--- PROVIDED RECORDS ---

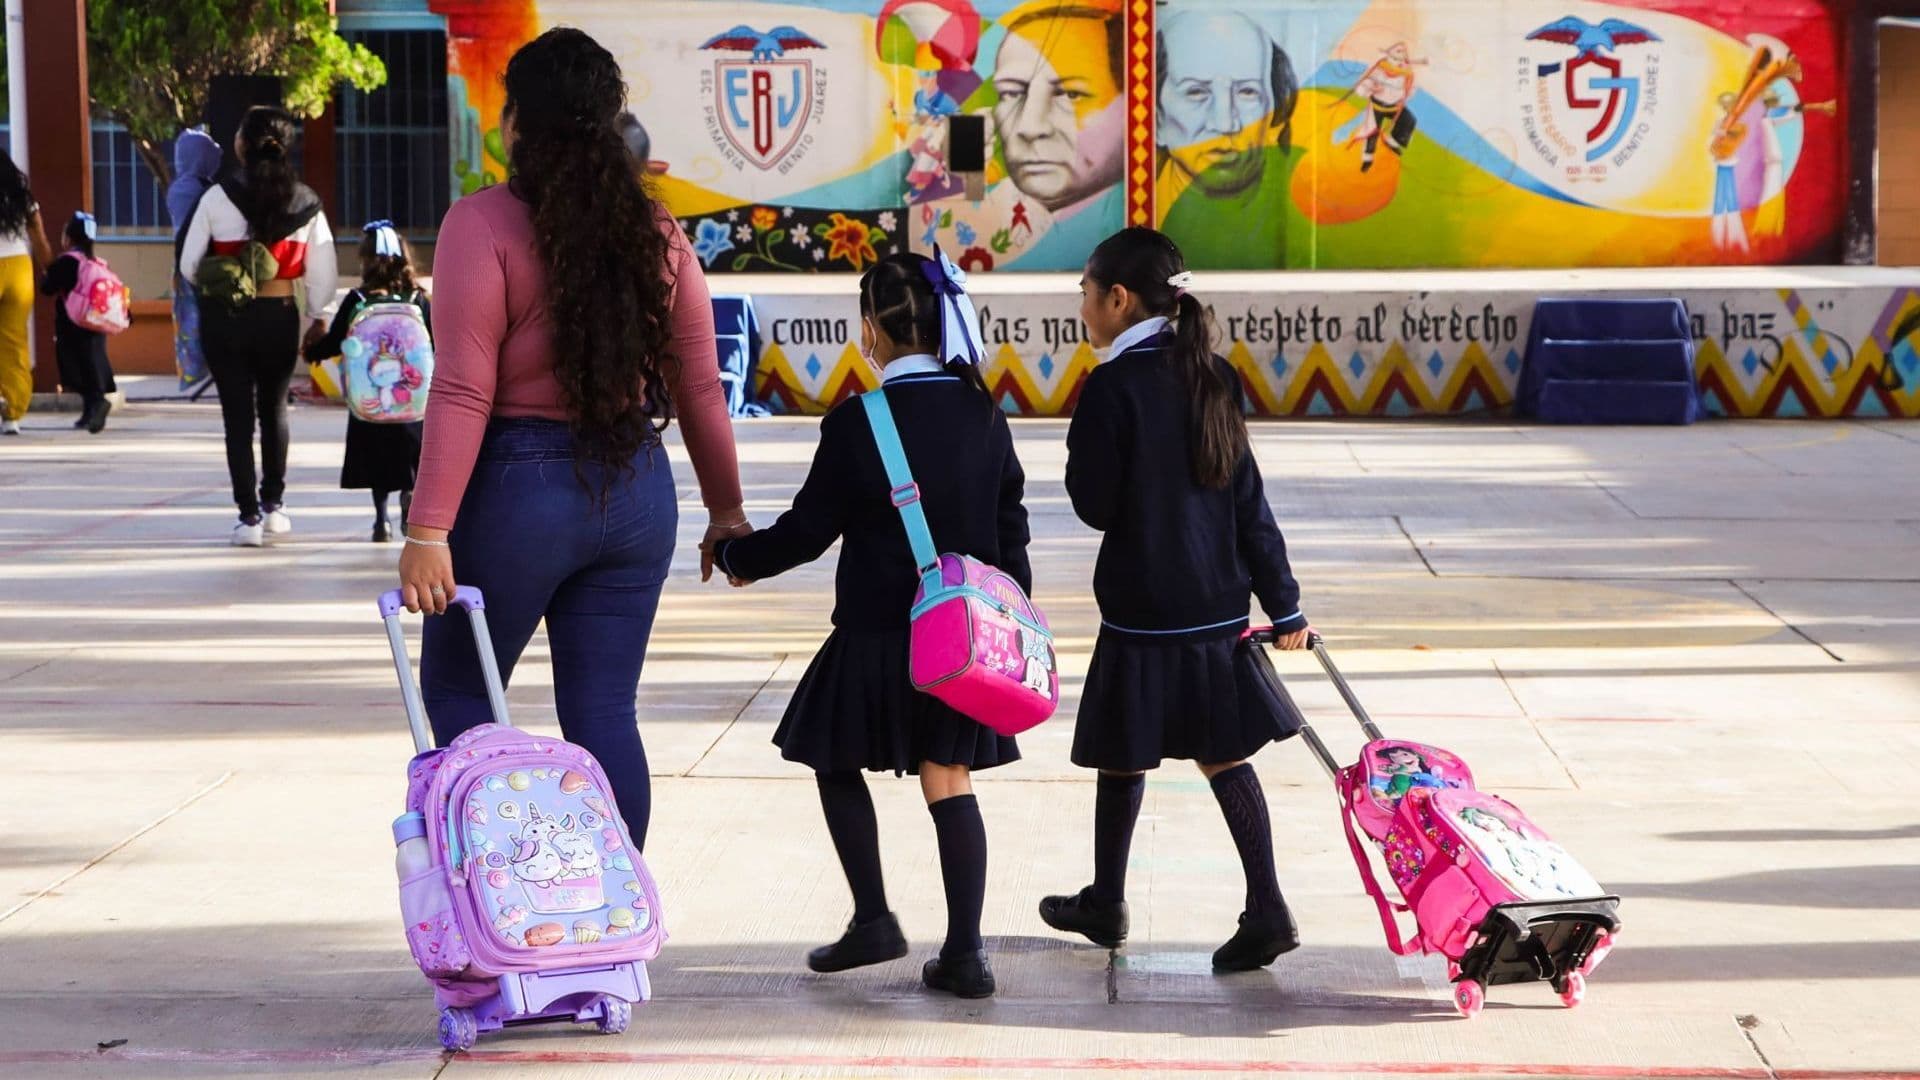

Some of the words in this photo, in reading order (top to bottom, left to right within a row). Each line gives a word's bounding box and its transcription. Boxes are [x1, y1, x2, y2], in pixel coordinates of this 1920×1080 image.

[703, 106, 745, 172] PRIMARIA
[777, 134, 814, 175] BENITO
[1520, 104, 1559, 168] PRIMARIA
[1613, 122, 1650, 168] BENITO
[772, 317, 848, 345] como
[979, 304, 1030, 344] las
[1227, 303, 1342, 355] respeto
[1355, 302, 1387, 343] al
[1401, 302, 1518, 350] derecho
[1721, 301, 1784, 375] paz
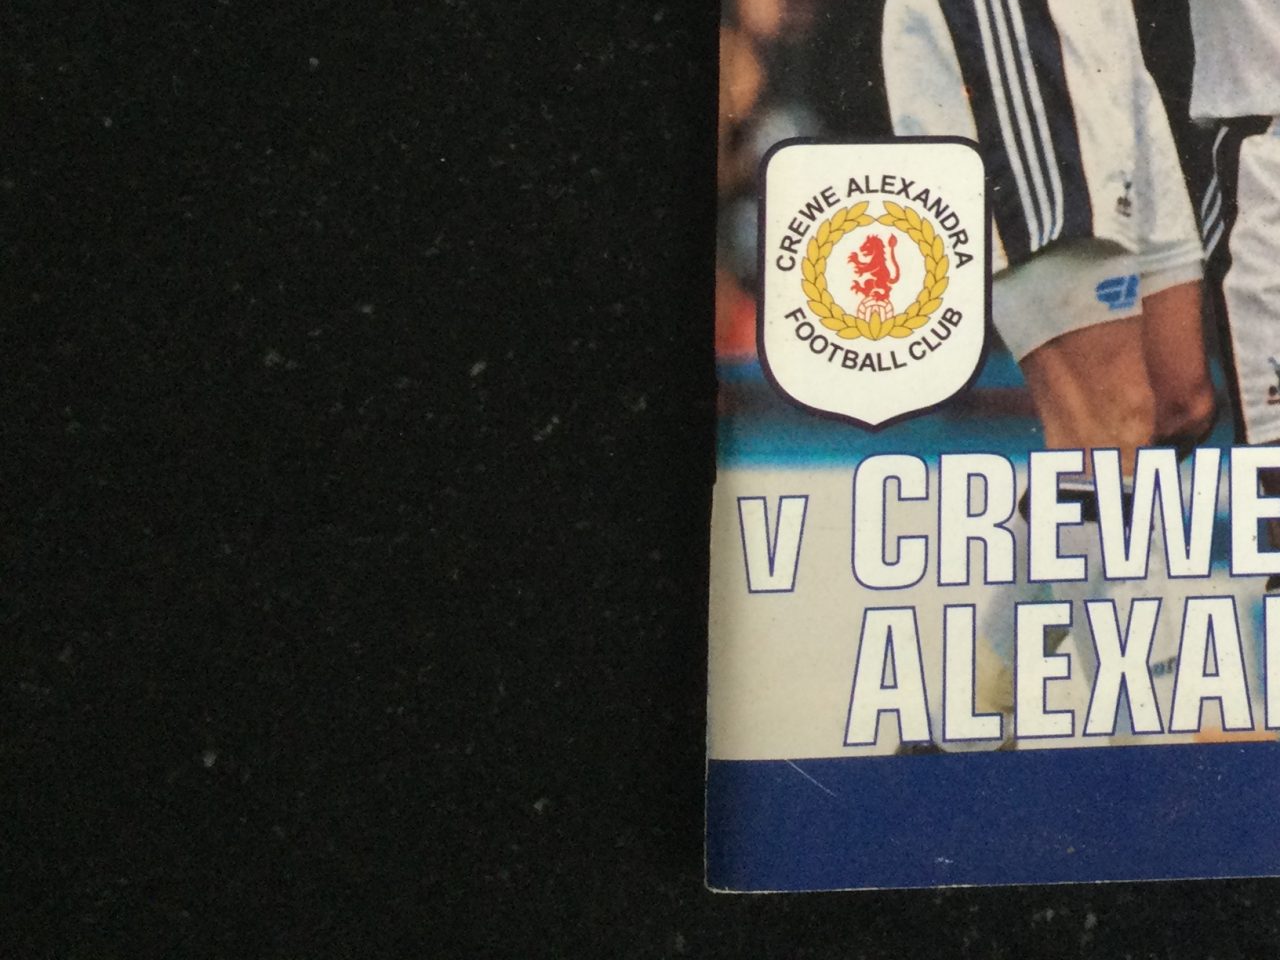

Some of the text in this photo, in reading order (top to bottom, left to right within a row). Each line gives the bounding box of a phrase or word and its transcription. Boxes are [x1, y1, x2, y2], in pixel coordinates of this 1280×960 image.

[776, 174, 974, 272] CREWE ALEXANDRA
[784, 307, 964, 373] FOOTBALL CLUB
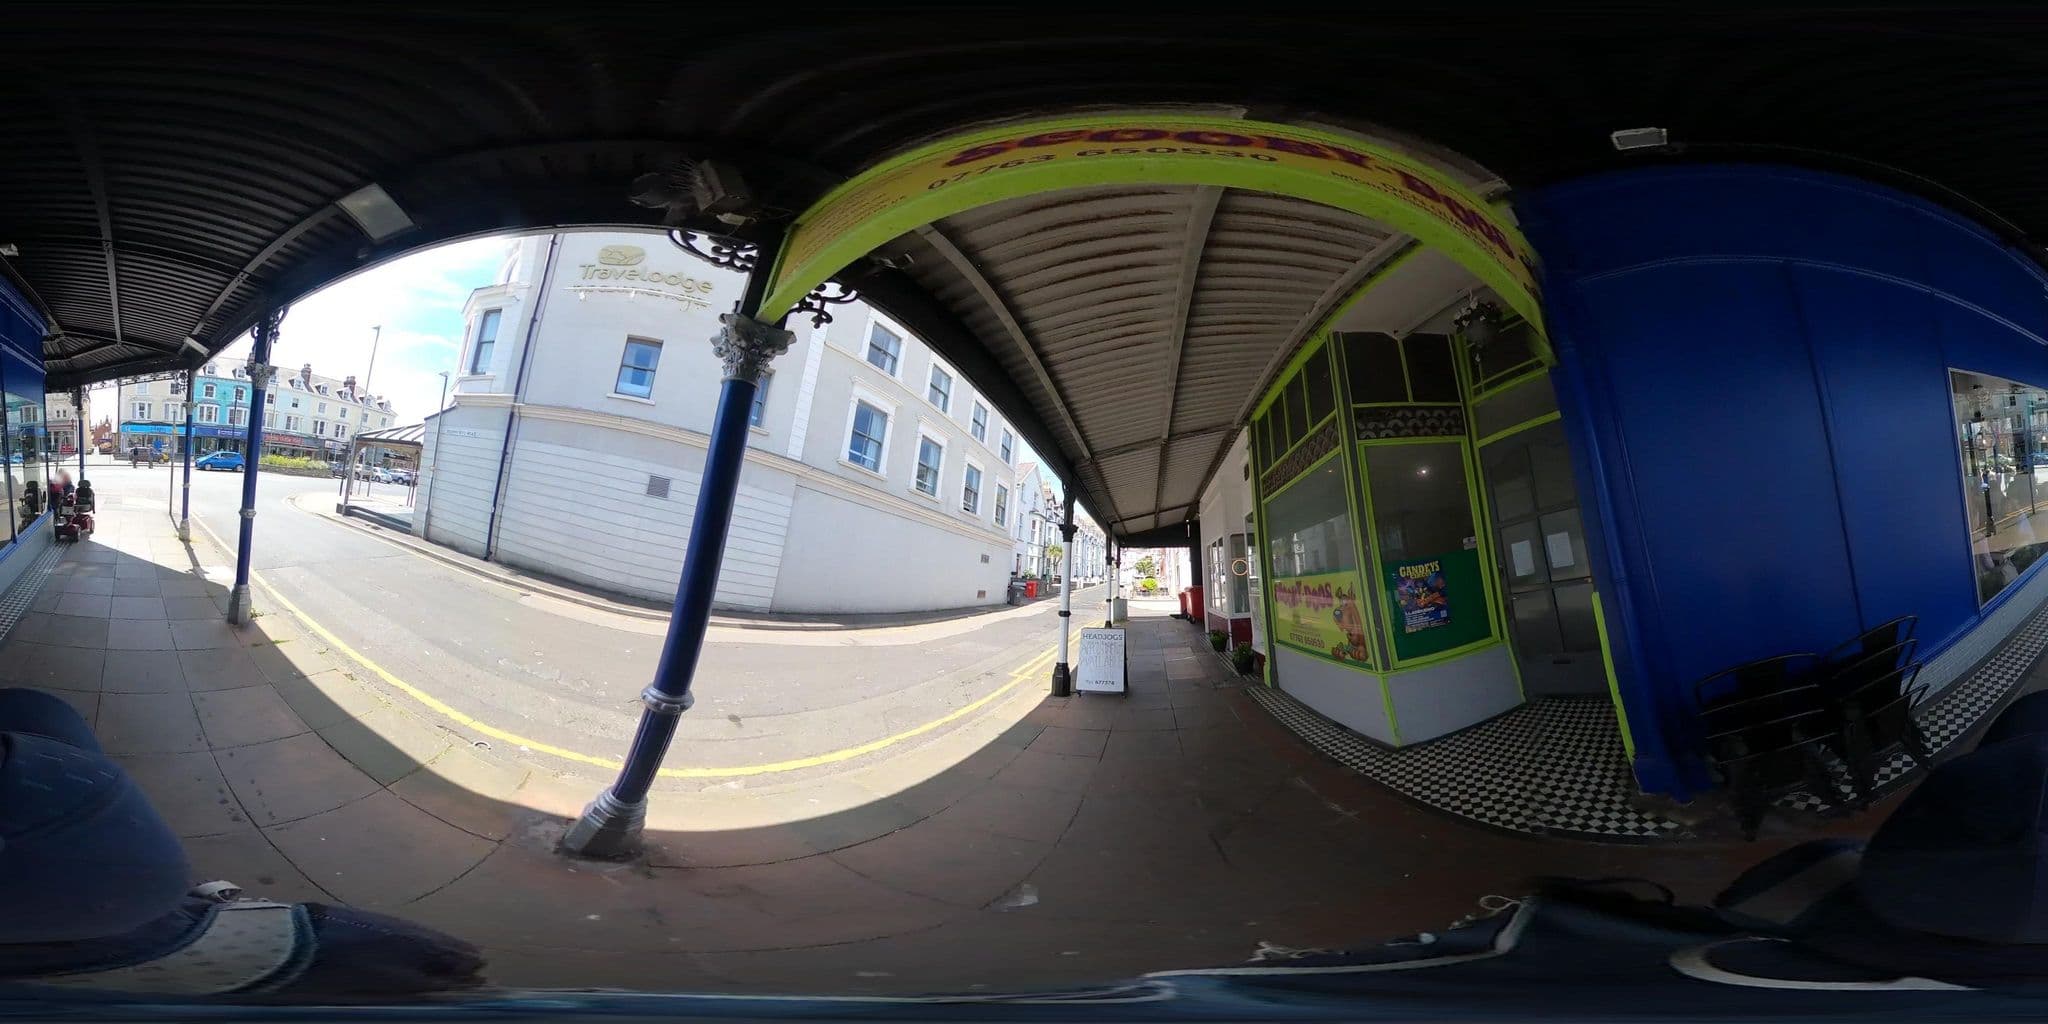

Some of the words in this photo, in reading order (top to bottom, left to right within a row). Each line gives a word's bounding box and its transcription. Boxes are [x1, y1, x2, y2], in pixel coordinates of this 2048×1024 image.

---

#### ACTIVITY
An exact copy of every entry, minus the pictures, is what you should return.

#### ANSWER BOX
Some of the words in this photo, in reading order (top to bottom, left to right within a row). Each line gives a word's bounding box and its transcription. Boxes are [x1, y1, x2, y2], in pixel coordinates of this 1920×1080 image.

[703, 106, 745, 172] PRIMARIA
[777, 134, 814, 175] BENITO
[1520, 104, 1559, 168] PRIMARIA
[1613, 122, 1650, 168] BENITO
[772, 317, 848, 345] como
[979, 304, 1030, 344] las
[1227, 303, 1342, 355] respeto
[1355, 302, 1387, 343] al
[1401, 302, 1518, 350] derecho
[1721, 301, 1784, 375] paz

Some of the text in this photo, in reading order (top to bottom, left to right within a row). Each line gives the bounding box of a phrase or word and its transcription. Boxes are [x1, y1, x2, y2], in pixel coordinates of this 1280×960 image.

[776, 174, 974, 272] CREWE ALEXANDRA
[784, 307, 964, 373] FOOTBALL CLUB

Some of the words in this photo, in reading order (top to bottom, left to right within a row). Each line gives a word's bounding box and its transcription. Boxes are [x1, y1, x2, y2], in pixel coordinates of this 2048×1024 image.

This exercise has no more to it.